Prevenir el estrés para evitar la depresión

Hoy en día, más de tres millones de personas de nuestro país sufren depresión y unas 250.000 la sufren de forma crónica. Según algunos estudios1, entre el 10 y el 25% de las mujeres y entre el 5 y el 12% de los hombres pueden sufrir depresión a lo largo de su vida.

Aunque las causas son múltiples, lo cierto es que el estrés es una de las más importantes. Los neuropsiquiatras calculan que una de cada cinco personas padecerá, al menos, un episodio depresivo durante su vida por la presión que provoca el estrés. Además, según un estudio reciente2, el estrés en el trabajo provocaría la aparición de trastornos psicológicos en personas que, hasta entonces, gozaban de buena salud.

Estrés y depresión: ¿cuál es la relación?

Cuando una persona está sometida diariamente a situaciones estresantes, produce, casi de forma continua, dos hormonas, adrenalina y cortisol. La producción excesiva de estas hormonas tiene consecuencias nefastas para el sistema nervioso: el exceso de cortisol (debido a un estado de estrés permanente) bloquea la producción de neuronas nuevas en el hipocampo, región del cerebro que afecta al humor. El cortisol, además, impide la comunicación entre neuronas, ya que bloquea los receptores que estimula la serotonina, molécula que también interviene en los trastornos del humor. Un proceso que, a largo plazo, podría desembocar en una depresión.

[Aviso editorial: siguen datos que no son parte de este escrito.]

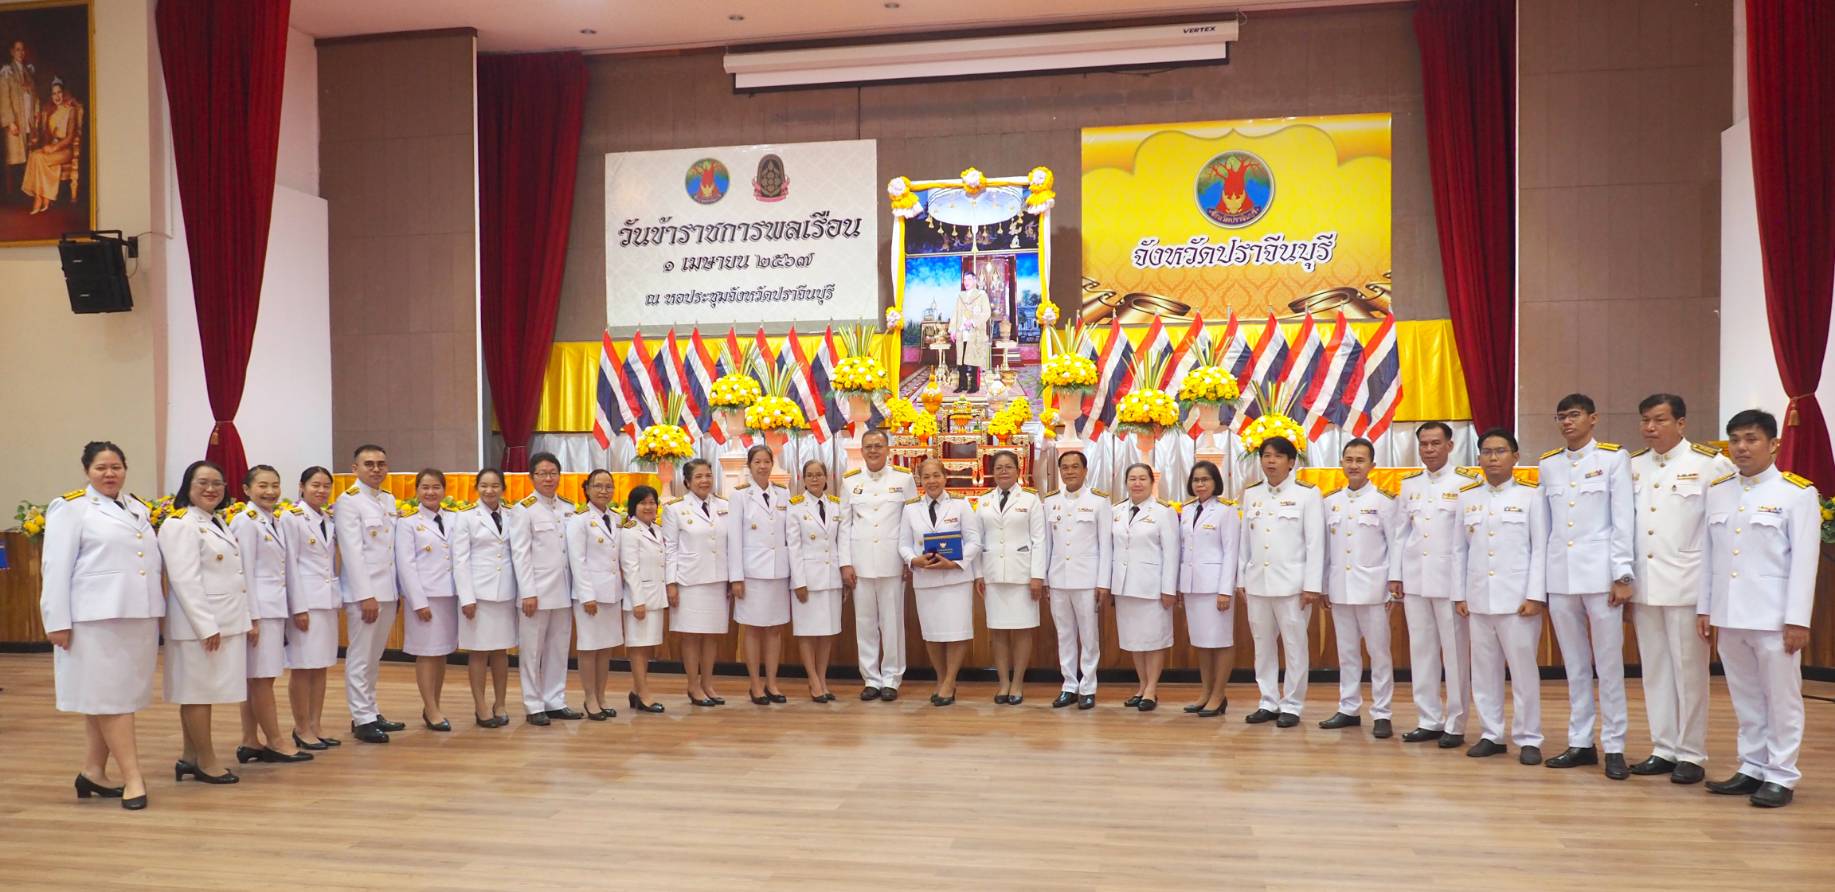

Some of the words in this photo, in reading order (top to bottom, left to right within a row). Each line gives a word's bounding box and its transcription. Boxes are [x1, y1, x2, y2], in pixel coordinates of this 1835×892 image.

[1183, 26, 1216, 34] VERTEX
[617, 211, 863, 248] วันข้าราชการพลเรือน
[663, 260, 675, 272] ๑
[681, 254, 750, 271] เมษายน
[755, 252, 816, 268] ๒๕๖๗
[1133, 234, 1336, 270] จังหวัดปราจีนบุรี
[645, 292, 660, 306] ณ
[664, 283, 835, 308] หอประชุมจังหวัดปราจีนบุรี

Estrés y depresión: señales de alerta

Si estás sometido a un estrés importante, aquí encontrarás una lista con algunos síntomas reveladores que, en ciertos casos, pueden llevar a un estado depresivo:

  • Estado general de cansancio, mal humor;
  • Cambios de humor, crisis repentinas de lloros;
  • Inquietud, angustia, pánico;
  • Dolores de cabeza, bajada de la libido;
  • Amnesia, dificultades de concentración, indecisión;
  • Ausencia frecuente en el lugar de trabajo, bajada del rendimiento;
  • Sensación de agobio, pérdida del sentido del humor.

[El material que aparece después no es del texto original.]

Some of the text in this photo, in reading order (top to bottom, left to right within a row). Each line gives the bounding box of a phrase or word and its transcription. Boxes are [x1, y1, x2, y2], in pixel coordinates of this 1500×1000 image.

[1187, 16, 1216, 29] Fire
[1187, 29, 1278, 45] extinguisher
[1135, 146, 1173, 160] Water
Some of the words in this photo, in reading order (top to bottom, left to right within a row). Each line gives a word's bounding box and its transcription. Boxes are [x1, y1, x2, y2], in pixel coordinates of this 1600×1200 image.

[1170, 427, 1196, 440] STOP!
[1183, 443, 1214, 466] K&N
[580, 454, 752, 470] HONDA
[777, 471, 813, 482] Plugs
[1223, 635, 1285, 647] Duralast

Otros efectos nefastos del estrés

El estrés puede ser una fuente de cansancio, dolores de cabeza, trastorno del sueño… También puede afectar al sistema digestivo (hinchazón, retortijones, estreñimiento). Por último, el estrés puede perturbar el buen funcionamiento de la glándula tiroidea, disminuir la resistencia del sistema inmunitario y provocar reacciones alérgicas. Sus efectos sobre la hipertensión arterial y las enfermedades cardiovasculares se conocen desde hace tiempo.

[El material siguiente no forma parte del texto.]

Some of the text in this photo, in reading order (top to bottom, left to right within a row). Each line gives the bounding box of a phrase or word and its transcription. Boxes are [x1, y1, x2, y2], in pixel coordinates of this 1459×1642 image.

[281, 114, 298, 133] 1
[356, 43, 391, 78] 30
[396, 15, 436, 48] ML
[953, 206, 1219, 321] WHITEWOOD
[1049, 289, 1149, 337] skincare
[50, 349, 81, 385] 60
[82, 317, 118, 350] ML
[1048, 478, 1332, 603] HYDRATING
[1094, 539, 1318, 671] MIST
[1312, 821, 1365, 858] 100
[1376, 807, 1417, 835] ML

¡No dejes que el pánico te gane la partida!

Aunque el estrés puede provocar un sinfín de problemas, ¡también puede ser algo positivo! Aporta la energía y resistencia necesarias para afrontar todo tipo de situaciones. Así pues, es importante estar atento a las señales de estrés y depresión, aunque nunca hay que dejarse llevar por el pánico. Prestar especial atención al cuerpo es el mejor modo de mantener un estado zen

D. Tordjman

Fuentes:

1 – Depresión, la enfermedad de nuestro siglo, Les Echos del 13 de febrero de 2007  
2 – Estudio realizado por Maria Melchior, del Medical Research Council (de Londres) y por el Instituto nacional de la salud y la investigación médica (Inserm), publicado en agosto en la revista mensual británica Psychological Medicine.